(Dataset entries)
..........

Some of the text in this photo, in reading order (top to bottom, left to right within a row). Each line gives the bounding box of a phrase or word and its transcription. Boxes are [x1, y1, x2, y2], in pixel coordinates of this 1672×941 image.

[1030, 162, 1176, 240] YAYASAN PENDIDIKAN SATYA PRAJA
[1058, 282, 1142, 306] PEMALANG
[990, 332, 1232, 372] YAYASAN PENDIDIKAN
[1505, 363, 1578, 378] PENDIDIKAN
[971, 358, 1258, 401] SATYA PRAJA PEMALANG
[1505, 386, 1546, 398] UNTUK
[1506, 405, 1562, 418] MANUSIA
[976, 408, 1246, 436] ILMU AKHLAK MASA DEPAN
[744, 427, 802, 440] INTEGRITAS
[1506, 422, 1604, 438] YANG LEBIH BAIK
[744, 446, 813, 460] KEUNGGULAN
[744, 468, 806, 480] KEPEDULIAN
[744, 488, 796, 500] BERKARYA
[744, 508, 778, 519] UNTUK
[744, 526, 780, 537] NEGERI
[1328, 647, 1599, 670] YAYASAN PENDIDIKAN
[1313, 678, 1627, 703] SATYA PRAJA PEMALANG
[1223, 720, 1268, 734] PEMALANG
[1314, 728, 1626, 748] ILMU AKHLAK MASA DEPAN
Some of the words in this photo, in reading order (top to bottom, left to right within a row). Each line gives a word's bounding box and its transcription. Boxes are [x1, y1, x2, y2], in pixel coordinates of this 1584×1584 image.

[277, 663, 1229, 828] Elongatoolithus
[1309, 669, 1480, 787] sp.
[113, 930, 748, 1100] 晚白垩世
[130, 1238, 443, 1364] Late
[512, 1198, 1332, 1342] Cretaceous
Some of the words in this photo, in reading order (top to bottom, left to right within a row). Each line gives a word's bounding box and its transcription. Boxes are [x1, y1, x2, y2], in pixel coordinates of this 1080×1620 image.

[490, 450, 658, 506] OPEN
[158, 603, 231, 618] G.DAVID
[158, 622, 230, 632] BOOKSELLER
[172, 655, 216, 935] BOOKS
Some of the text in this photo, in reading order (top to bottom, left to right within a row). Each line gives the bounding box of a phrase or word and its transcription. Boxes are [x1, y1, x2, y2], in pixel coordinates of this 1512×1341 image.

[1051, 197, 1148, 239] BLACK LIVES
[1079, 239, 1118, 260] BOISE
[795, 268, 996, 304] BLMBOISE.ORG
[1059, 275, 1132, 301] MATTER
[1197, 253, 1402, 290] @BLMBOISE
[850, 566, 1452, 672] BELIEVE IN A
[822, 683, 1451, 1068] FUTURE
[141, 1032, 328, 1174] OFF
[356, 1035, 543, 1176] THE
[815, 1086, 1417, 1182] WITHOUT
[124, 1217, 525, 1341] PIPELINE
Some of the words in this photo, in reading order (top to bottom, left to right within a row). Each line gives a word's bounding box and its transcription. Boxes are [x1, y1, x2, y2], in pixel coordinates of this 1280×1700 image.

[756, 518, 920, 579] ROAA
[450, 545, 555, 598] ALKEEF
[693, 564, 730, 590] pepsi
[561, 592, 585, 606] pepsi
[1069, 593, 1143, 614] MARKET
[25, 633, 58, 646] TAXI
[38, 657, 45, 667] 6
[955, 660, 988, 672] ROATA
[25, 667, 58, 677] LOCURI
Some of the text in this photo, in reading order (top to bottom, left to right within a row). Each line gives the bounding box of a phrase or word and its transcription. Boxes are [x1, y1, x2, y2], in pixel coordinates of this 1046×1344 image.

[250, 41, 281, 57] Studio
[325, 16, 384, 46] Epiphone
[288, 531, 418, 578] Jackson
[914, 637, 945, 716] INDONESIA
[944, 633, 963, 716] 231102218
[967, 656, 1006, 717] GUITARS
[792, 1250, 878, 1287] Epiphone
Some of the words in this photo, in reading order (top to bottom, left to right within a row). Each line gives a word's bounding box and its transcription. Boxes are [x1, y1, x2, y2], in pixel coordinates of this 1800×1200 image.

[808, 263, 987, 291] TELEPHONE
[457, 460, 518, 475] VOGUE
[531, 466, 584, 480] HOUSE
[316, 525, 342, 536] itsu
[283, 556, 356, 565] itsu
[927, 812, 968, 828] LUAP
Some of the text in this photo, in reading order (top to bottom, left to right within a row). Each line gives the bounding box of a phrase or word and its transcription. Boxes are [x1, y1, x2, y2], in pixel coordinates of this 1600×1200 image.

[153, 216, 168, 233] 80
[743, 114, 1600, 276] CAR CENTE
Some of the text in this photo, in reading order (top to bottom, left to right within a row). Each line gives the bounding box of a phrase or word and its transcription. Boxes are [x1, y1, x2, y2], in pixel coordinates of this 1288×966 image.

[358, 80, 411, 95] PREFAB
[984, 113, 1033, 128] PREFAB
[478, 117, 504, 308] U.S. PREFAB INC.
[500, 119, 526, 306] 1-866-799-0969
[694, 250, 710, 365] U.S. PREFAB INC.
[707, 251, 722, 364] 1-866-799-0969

..........

» Your objective:
Return all of the data exactly as it reads.

» Output for this exercise:
Some of the text in this photo, in reading order (top to bottom, left to right within a row). Each line gives the bounding box of a phrase or word and its transcription. Boxes are [x1, y1, x2, y2], in pixel coordinates of this 1672×941 image.

[1030, 162, 1176, 240] YAYASAN PENDIDIKAN SATYA PRAJA
[1058, 282, 1142, 306] PEMALANG
[990, 332, 1232, 372] YAYASAN PENDIDIKAN
[1505, 363, 1578, 378] PENDIDIKAN
[971, 358, 1258, 401] SATYA PRAJA PEMALANG
[1505, 386, 1546, 398] UNTUK
[1506, 405, 1562, 418] MANUSIA
[976, 408, 1246, 436] ILMU AKHLAK MASA DEPAN
[744, 427, 802, 440] INTEGRITAS
[1506, 422, 1604, 438] YANG LEBIH BAIK
[744, 446, 813, 460] KEUNGGULAN
[744, 468, 806, 480] KEPEDULIAN
[744, 488, 796, 500] BERKARYA
[744, 508, 778, 519] UNTUK
[744, 526, 780, 537] NEGERI
[1328, 647, 1599, 670] YAYASAN PENDIDIKAN
[1313, 678, 1627, 703] SATYA PRAJA PEMALANG
[1223, 720, 1268, 734] PEMALANG
[1314, 728, 1626, 748] ILMU AKHLAK MASA DEPAN
Some of the words in this photo, in reading order (top to bottom, left to right within a row). Each line gives a word's bounding box and its transcription. Boxes are [x1, y1, x2, y2], in pixel coordinates of this 1584×1584 image.

[277, 663, 1229, 828] Elongatoolithus
[1309, 669, 1480, 787] sp.
[113, 930, 748, 1100] 晚白垩世
[130, 1238, 443, 1364] Late
[512, 1198, 1332, 1342] Cretaceous
Some of the words in this photo, in reading order (top to bottom, left to right within a row). Each line gives a word's bounding box and its transcription. Boxes are [x1, y1, x2, y2], in pixel coordinates of this 1080×1620 image.

[490, 450, 658, 506] OPEN
[158, 603, 231, 618] G.DAVID
[158, 622, 230, 632] BOOKSELLER
[172, 655, 216, 935] BOOKS
Some of the text in this photo, in reading order (top to bottom, left to right within a row). Each line gives the bounding box of a phrase or word and its transcription. Boxes are [x1, y1, x2, y2], in pixel coordinates of this 1512×1341 image.

[1051, 197, 1148, 239] BLACK LIVES
[1079, 239, 1118, 260] BOISE
[795, 268, 996, 304] BLMBOISE.ORG
[1059, 275, 1132, 301] MATTER
[1197, 253, 1402, 290] @BLMBOISE
[850, 566, 1452, 672] BELIEVE IN A
[822, 683, 1451, 1068] FUTURE
[141, 1032, 328, 1174] OFF
[356, 1035, 543, 1176] THE
[815, 1086, 1417, 1182] WITHOUT
[124, 1217, 525, 1341] PIPELINE
Some of the words in this photo, in reading order (top to bottom, left to right within a row). Each line gives a word's bounding box and its transcription. Boxes are [x1, y1, x2, y2], in pixel coordinates of this 1280×1700 image.

[756, 518, 920, 579] ROAA
[450, 545, 555, 598] ALKEEF
[693, 564, 730, 590] pepsi
[561, 592, 585, 606] pepsi
[1069, 593, 1143, 614] MARKET
[25, 633, 58, 646] TAXI
[38, 657, 45, 667] 6
[955, 660, 988, 672] ROATA
[25, 667, 58, 677] LOCURI
Some of the text in this photo, in reading order (top to bottom, left to right within a row). Each line gives the bounding box of a phrase or word and its transcription. Boxes are [x1, y1, x2, y2], in pixel coordinates of this 1046×1344 image.

[250, 41, 281, 57] Studio
[325, 16, 384, 46] Epiphone
[288, 531, 418, 578] Jackson
[914, 637, 945, 716] INDONESIA
[944, 633, 963, 716] 231102218
[967, 656, 1006, 717] GUITARS
[792, 1250, 878, 1287] Epiphone
Some of the words in this photo, in reading order (top to bottom, left to right within a row). Each line gives a word's bounding box and its transcription. Boxes are [x1, y1, x2, y2], in pixel coordinates of this 1800×1200 image.

[808, 263, 987, 291] TELEPHONE
[457, 460, 518, 475] VOGUE
[531, 466, 584, 480] HOUSE
[316, 525, 342, 536] itsu
[283, 556, 356, 565] itsu
[927, 812, 968, 828] LUAP
Some of the text in this photo, in reading order (top to bottom, left to right within a row). Each line gives the bounding box of a phrase or word and its transcription. Boxes are [x1, y1, x2, y2], in pixel coordinates of this 1600×1200 image.

[153, 216, 168, 233] 80
[743, 114, 1600, 276] CAR CENTE
Some of the text in this photo, in reading order (top to bottom, left to right within a row). Each line gives the bounding box of a phrase or word and its transcription. Boxes are [x1, y1, x2, y2], in pixel coordinates of this 1288×966 image.

[358, 80, 411, 95] PREFAB
[984, 113, 1033, 128] PREFAB
[478, 117, 504, 308] U.S. PREFAB INC.
[500, 119, 526, 306] 1-866-799-0969
[694, 250, 710, 365] U.S. PREFAB INC.
[707, 251, 722, 364] 1-866-799-0969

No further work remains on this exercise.